Ceph nécessite également une infrastructure réseau de pointe pour mettre en œuvre correctement toutes ses fonctionnalités et fournir les performances nécessaires. Un cluster performant n’est possible qu’avec une configuration réseau adéquate. La mise en place d’un tel réseau peut prendre beaucoup de temps et de ressources.

Une implémentation Ceph nécessite généralement un réseau ouvert pour la communication des clients et le monitoring, ainsi qu’un réseau interne au cluster de stockage pour les opérations OSD. Pour obtenir la bonne topologie de réseau, une entreprise peut avoir besoin de faire appel à une expertise externe et à des ressources supplémentaires pour assurer une mise en œuvre correcte.

Quelles sont les solutions Ceph sur le marché ?

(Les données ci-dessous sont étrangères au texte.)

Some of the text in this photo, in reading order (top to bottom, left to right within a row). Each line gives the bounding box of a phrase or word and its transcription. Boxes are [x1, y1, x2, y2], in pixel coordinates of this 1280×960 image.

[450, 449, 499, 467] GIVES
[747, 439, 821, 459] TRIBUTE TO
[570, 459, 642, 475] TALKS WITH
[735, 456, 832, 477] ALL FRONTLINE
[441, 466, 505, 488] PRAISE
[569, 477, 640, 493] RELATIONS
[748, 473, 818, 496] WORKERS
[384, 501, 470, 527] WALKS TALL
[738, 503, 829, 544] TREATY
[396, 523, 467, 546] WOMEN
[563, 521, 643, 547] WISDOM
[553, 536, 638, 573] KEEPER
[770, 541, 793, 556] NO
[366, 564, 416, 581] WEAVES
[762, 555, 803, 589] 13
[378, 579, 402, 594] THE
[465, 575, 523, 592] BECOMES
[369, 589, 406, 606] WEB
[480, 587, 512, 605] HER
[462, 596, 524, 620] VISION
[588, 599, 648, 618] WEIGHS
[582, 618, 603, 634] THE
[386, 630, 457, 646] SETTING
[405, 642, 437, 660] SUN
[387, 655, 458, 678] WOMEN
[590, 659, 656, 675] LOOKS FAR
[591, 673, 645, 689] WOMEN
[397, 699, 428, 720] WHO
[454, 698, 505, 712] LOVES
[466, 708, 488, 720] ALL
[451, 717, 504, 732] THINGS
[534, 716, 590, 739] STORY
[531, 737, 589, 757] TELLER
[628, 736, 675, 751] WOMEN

Les équipes IT peuvent mettre en œuvre le stockage Ceph dans leurs datacenters selon leurs besoins, sans se soucier des coûts de licence. Il s’agit toutefois d’un système si complexe que de nombreuses entreprises se tournent vers des versions commerciales pour simplifier les déploiements et la maintenance.

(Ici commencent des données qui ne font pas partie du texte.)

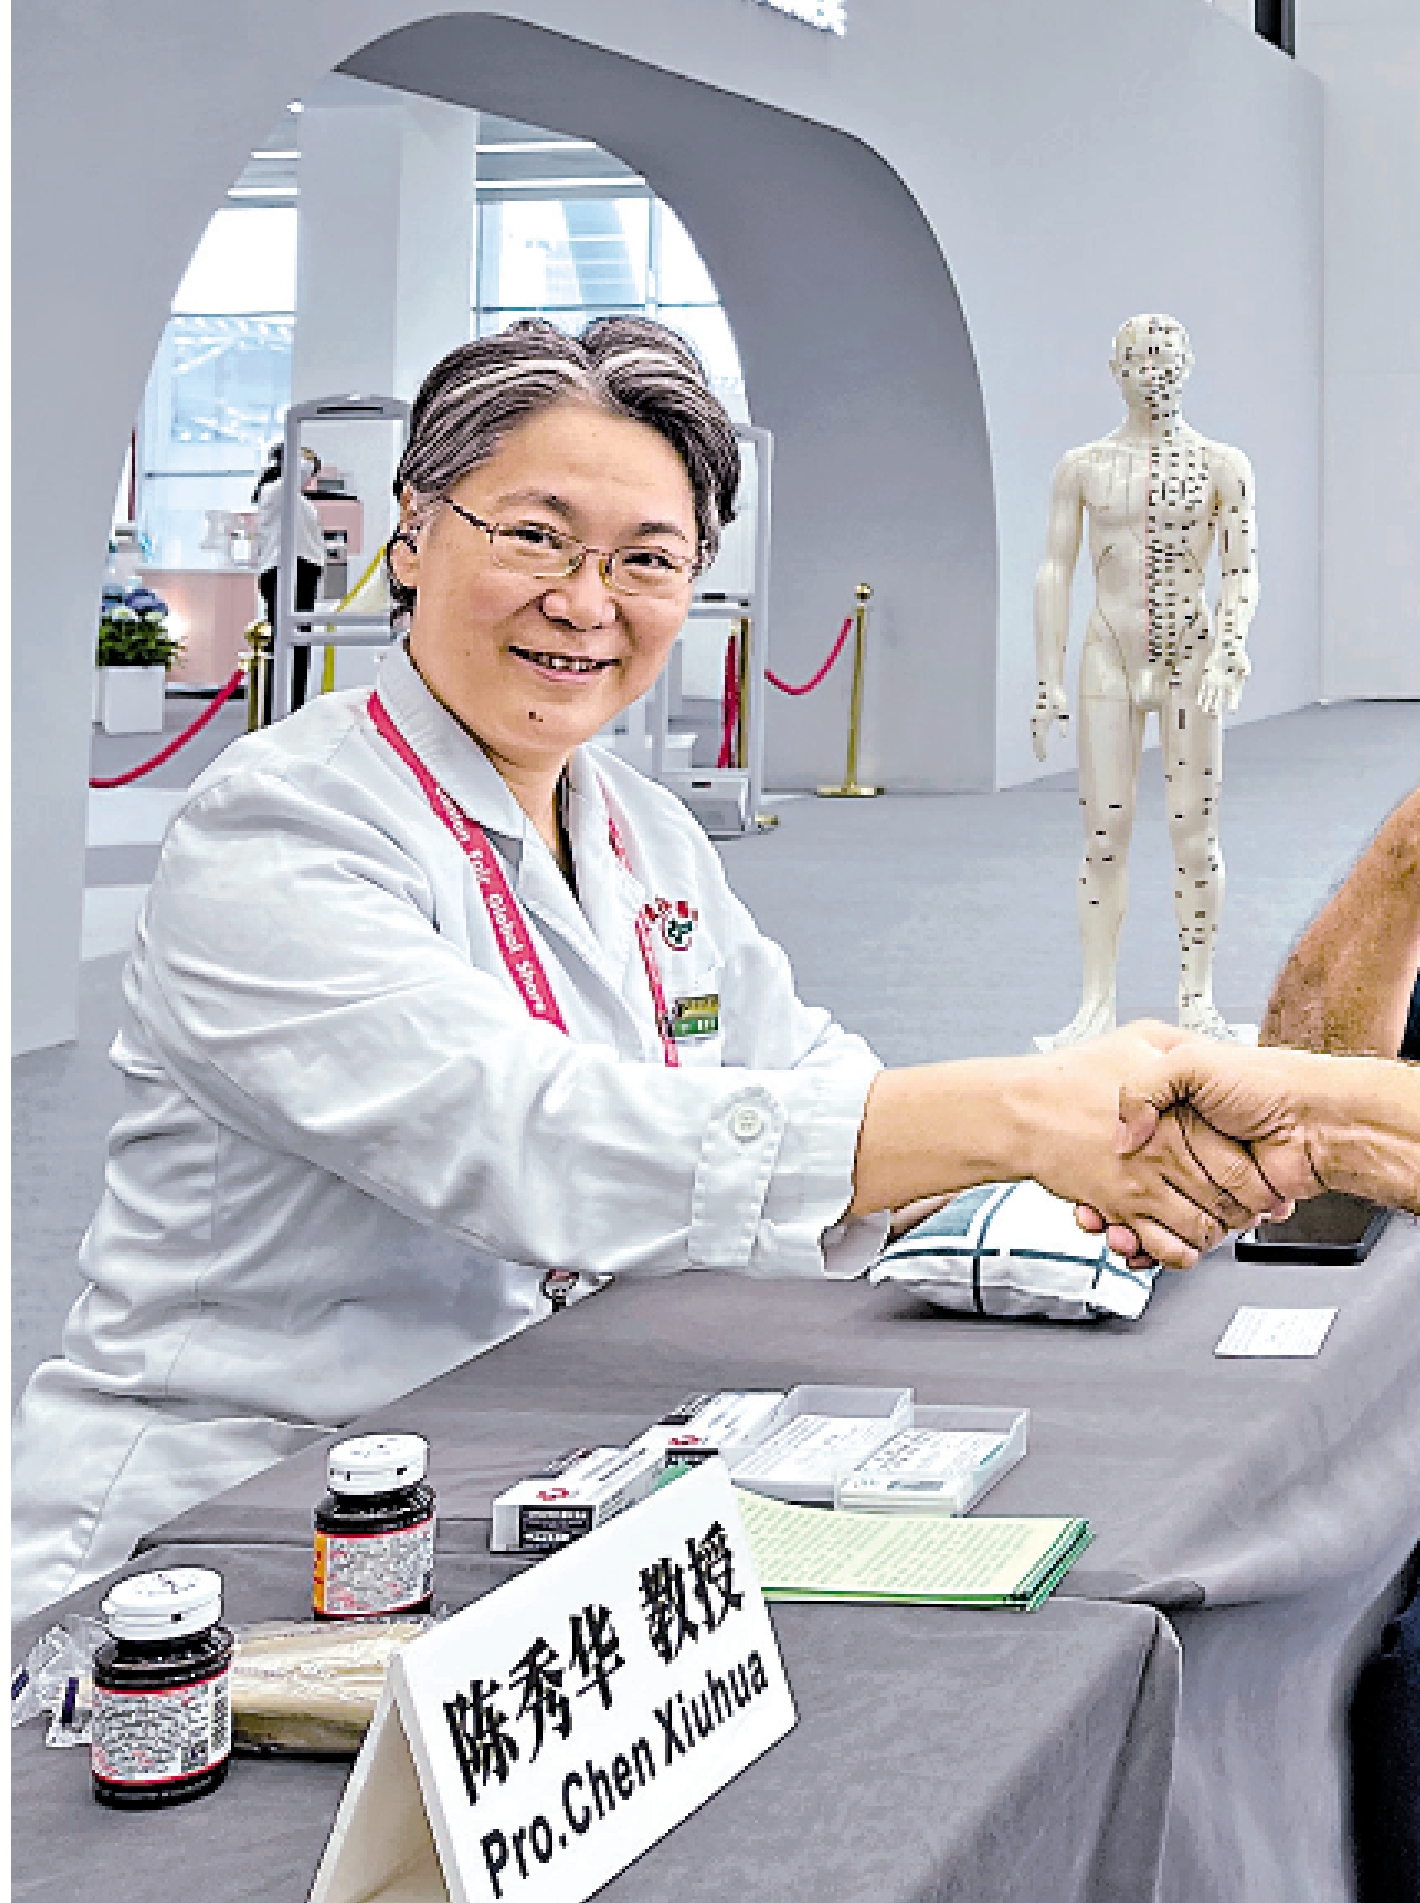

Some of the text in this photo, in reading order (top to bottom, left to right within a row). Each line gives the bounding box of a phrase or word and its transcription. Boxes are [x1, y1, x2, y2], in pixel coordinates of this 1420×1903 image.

[489, 894, 523, 953] Global
[515, 961, 546, 1010] Share
[443, 1604, 625, 1806] 陈秀华
[638, 1520, 744, 1667] 教授
[652, 1650, 770, 1766] Xiuhua

De nombreux fournisseurs proposent aujourd’hui des produits basés sur les technologies Ceph. De 2014 à 2023, la version la plus en vogue a certainement été Red Hat Ceph Storage. Plateforme de stockage simplifiée conçue pour les infrastructures virtuelles, l’analyse de données, l’IA et le Machine learning, ce SDS a longtemps été proposé par Red Hat à la fois comme une solution commerciale autonome et comme une solution intégrée à ses systèmes OpenStack et OpenShift. En novembre 2023, la tutelle de cette version de Ceph a été transférée à la maison mère IBM, qui la commercialise à présent sous le nom d’IBM Storage Ceph.

Autre solution de premier plan, la plateforme Canonical Ceph a été conçue pour des déploiements à l’échelle du pétaoctet, tout en aidant à alléger le fardeau des entreprises qui ne disposent pas de l’expertise interne nécessaire pour mettre en œuvre Ceph. Canonical Ceph permet aux équipes IT de gérer l’ensemble du cycle de vie, du déploiement, de la configuration et de l’exploitation de Ceph. Canonical propose par ailleurs MicroCeph, une solution clés en main pour les déploiements d’appoints.

Parmi les autres fournisseurs de produits liés à Ceph, citons Suse, SoftIron, Mirantis, Rook, Aspen Systems, ou encore Virtunet Systems.